START Source material
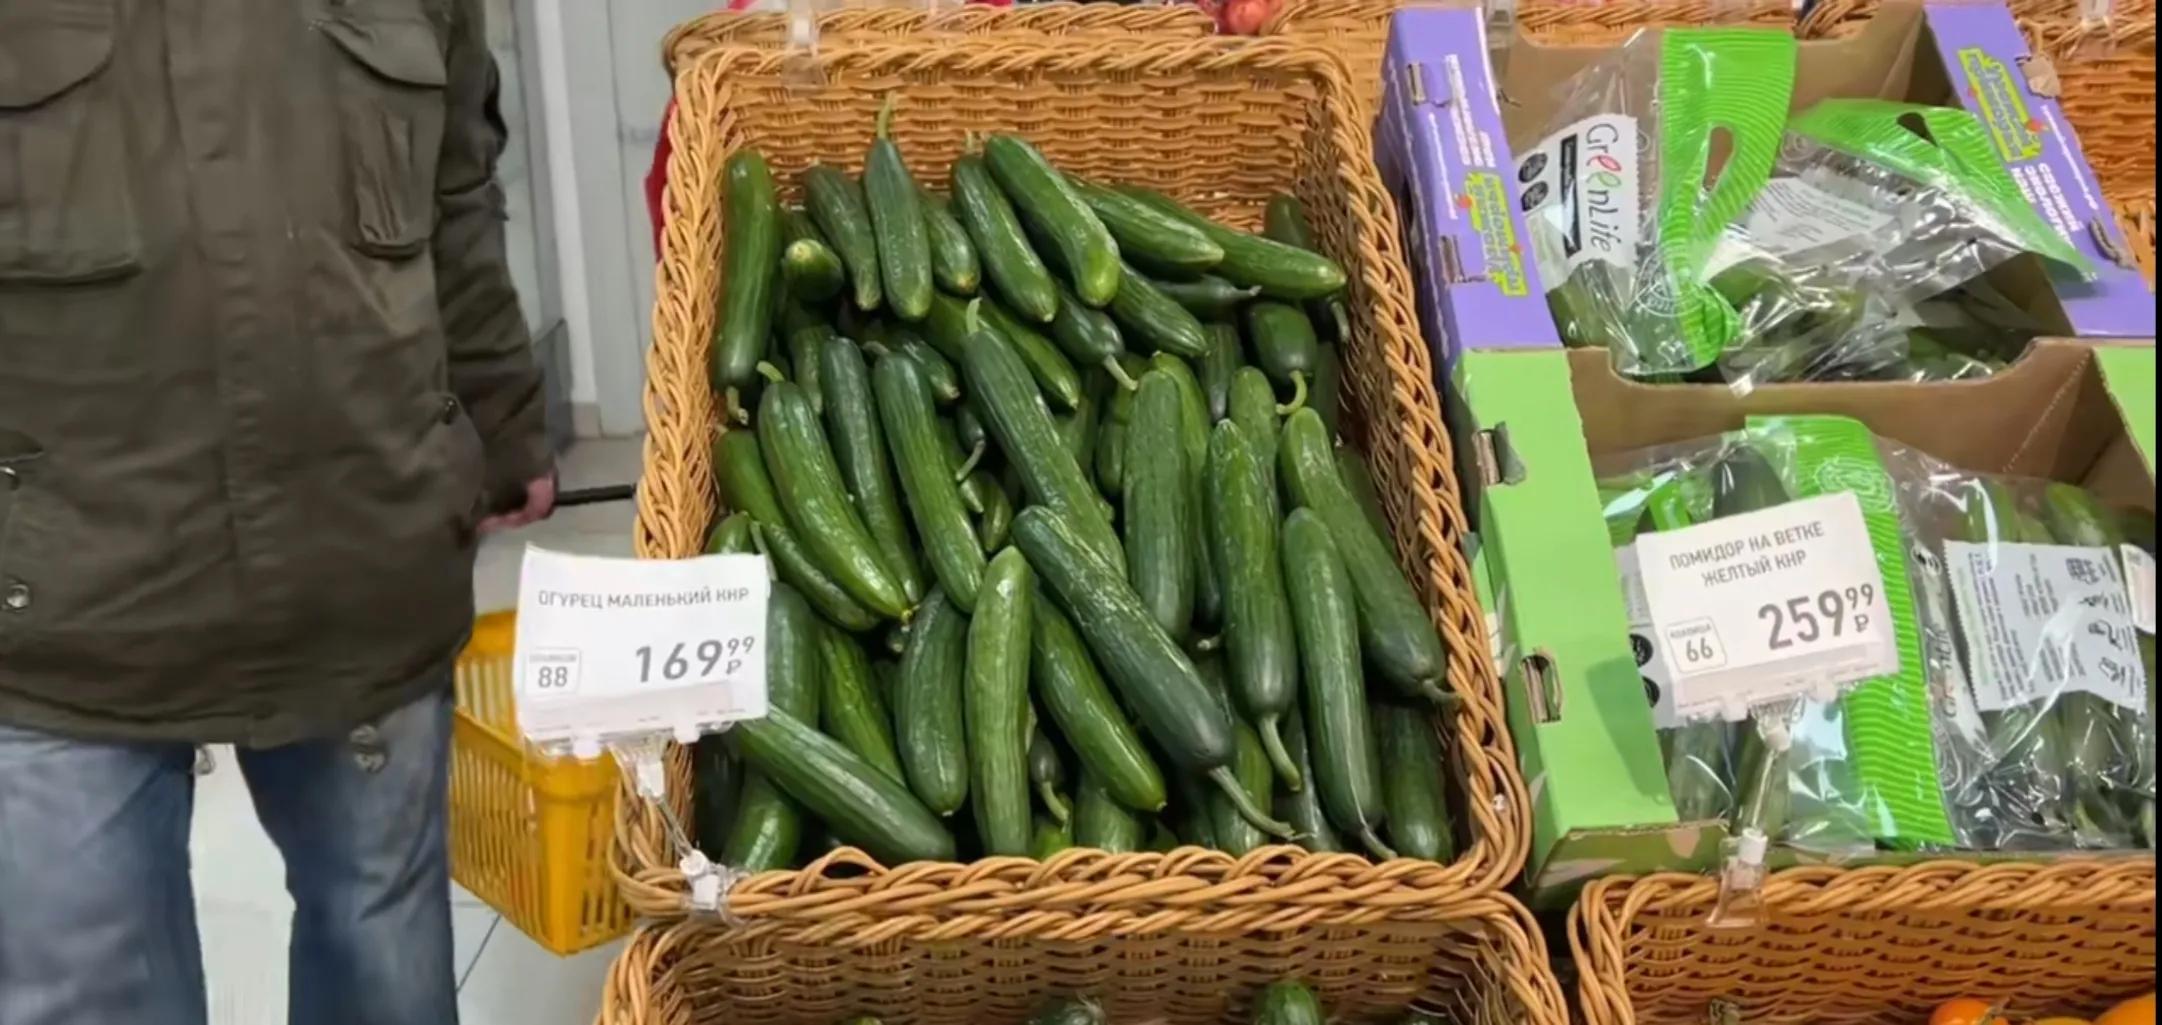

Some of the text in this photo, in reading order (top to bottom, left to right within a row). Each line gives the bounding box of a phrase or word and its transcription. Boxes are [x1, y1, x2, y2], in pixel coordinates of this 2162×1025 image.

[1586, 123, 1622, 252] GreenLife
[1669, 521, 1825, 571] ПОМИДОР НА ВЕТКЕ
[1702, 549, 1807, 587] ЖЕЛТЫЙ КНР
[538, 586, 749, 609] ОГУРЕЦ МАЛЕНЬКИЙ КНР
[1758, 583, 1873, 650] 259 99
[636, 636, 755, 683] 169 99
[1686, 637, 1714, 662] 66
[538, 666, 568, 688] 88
END Source material
Each line above should be output exactly, apart from the pictures.

Some of the text in this photo, in reading order (top to bottom, left to right within a row). Each line gives the bounding box of a phrase or word and its transcription. Boxes are [x1, y1, x2, y2], in pixel coordinates of this 2162×1025 image.

[1586, 123, 1622, 252] GreenLife
[1669, 521, 1825, 571] ПОМИДОР НА ВЕТКЕ
[1702, 549, 1807, 587] ЖЕЛТЫЙ КНР
[538, 586, 749, 609] ОГУРЕЦ МАЛЕНЬКИЙ КНР
[1758, 583, 1873, 650] 259 99
[636, 636, 755, 683] 169 99
[1686, 637, 1714, 662] 66
[538, 666, 568, 688] 88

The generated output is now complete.